Excerpts from a dataset:

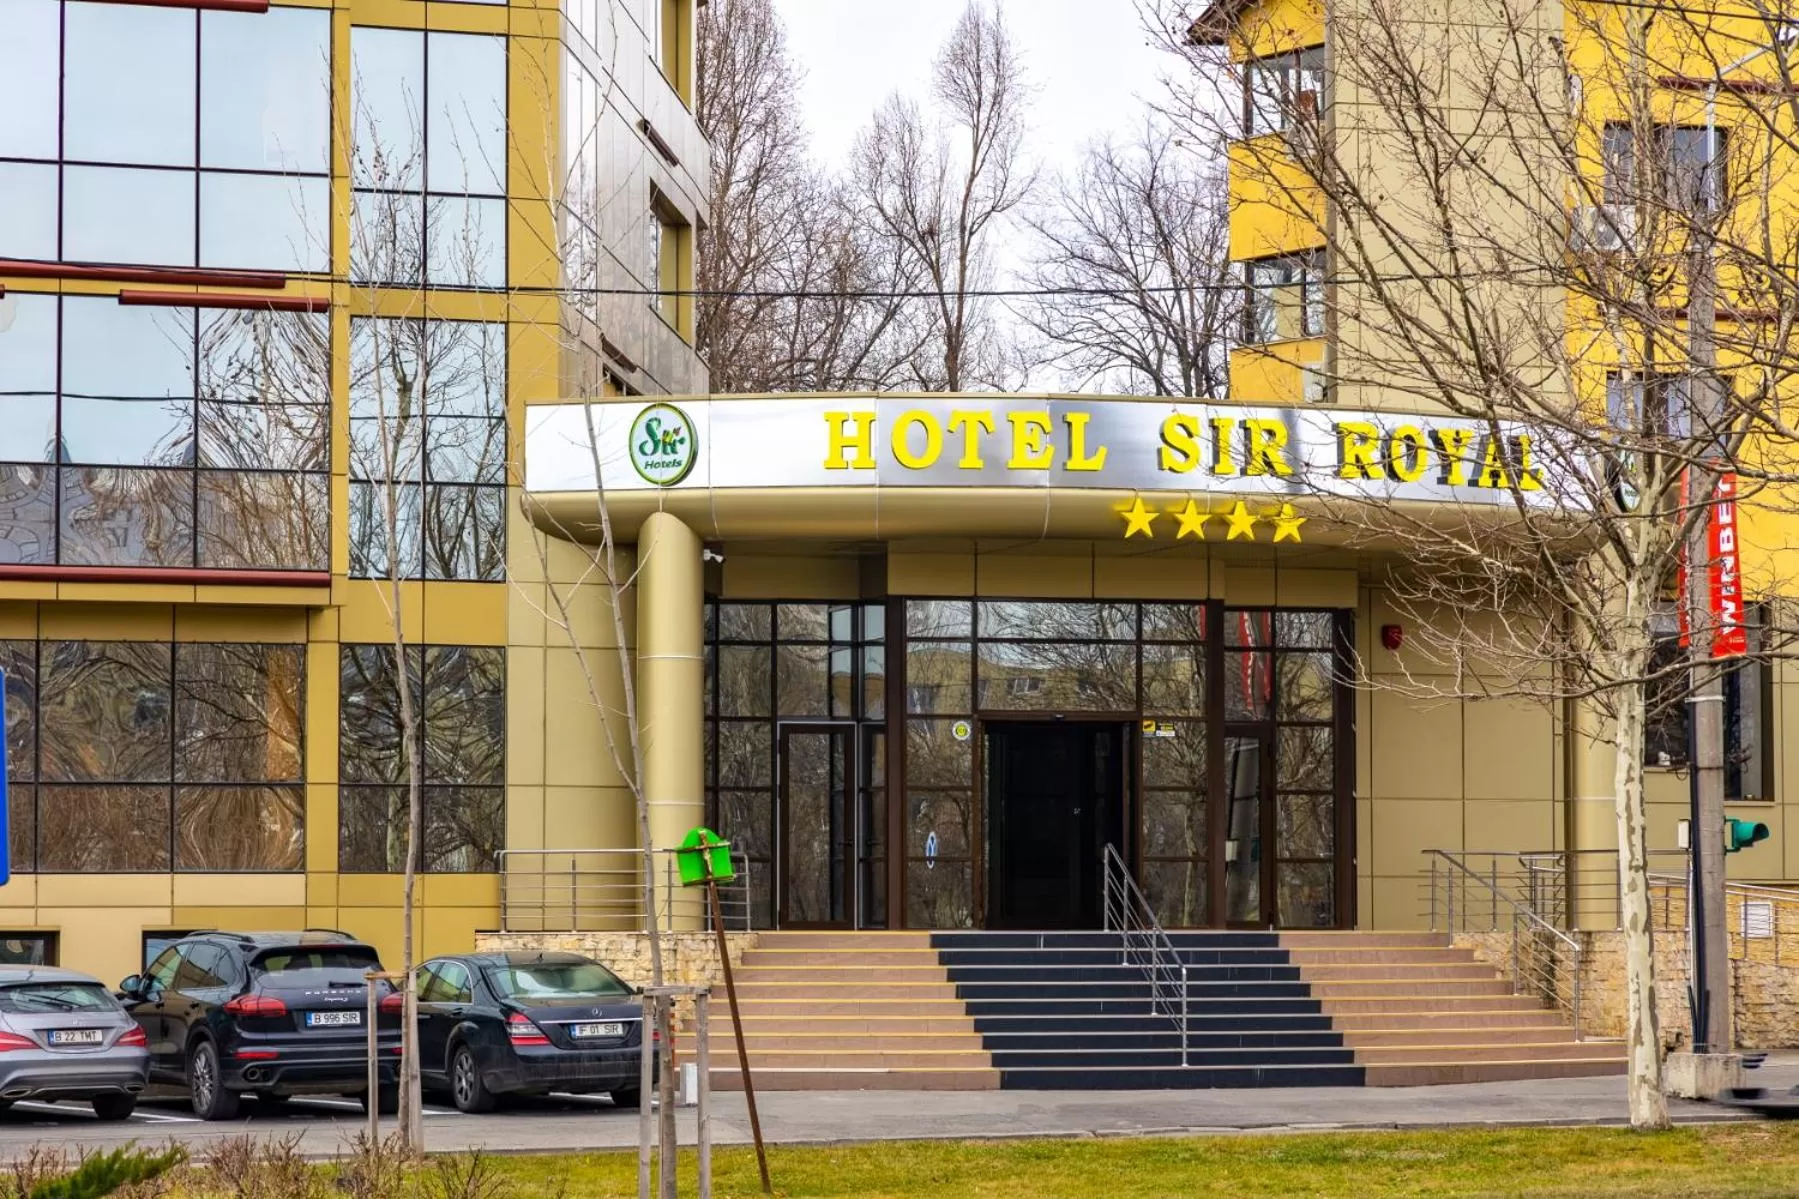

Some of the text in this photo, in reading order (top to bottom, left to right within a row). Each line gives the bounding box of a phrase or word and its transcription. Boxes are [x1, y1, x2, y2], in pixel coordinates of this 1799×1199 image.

[823, 409, 1544, 491] HOTEL SIR ROYAL
[644, 459, 683, 469] Hotels
[314, 1013, 321, 1024] B
[342, 1012, 358, 1023] SIR
[64, 1031, 76, 1041] 22
[80, 1030, 97, 1041] TMT
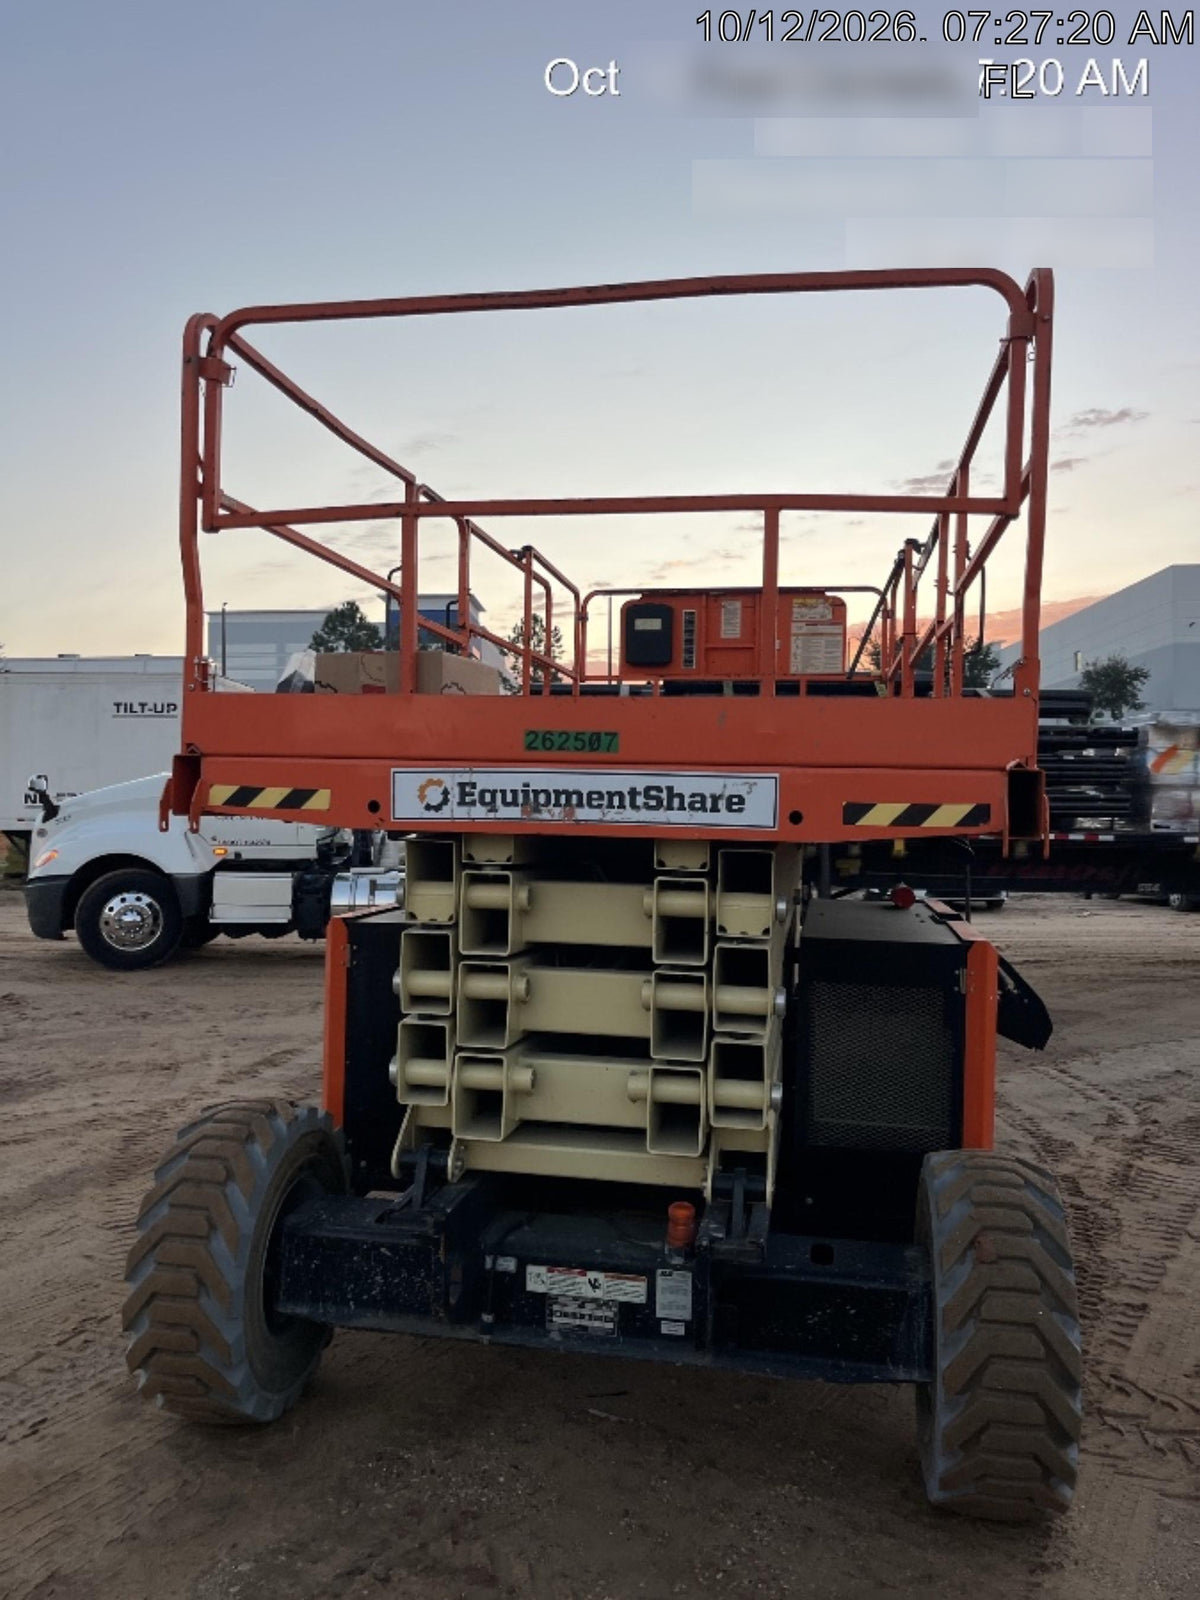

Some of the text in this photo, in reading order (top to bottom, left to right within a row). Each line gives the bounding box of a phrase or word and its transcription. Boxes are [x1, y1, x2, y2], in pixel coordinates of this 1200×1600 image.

• ASSIGNMENT:
Leave out the pictures, and give all the records again exactly.

• TASK OUTPUT:
Some of the text in this photo, in reading order (top to bottom, left to right within a row). Each line gives the bounding box of a phrase or word and its transcription. Boxes are [x1, y1, x2, y2], in pixel coordinates of this 1799×1199 image.

[823, 409, 1544, 491] HOTEL SIR ROYAL
[644, 459, 683, 469] Hotels
[314, 1013, 321, 1024] B
[342, 1012, 358, 1023] SIR
[64, 1031, 76, 1041] 22
[80, 1030, 97, 1041] TMT

Some of the text in this photo, in reading order (top to bottom, left to right within a row). Each line gives the bounding box of a phrase or word and its transcription. Boxes are [x1, y1, x2, y2], in pixel coordinates of this 1200×1600 image.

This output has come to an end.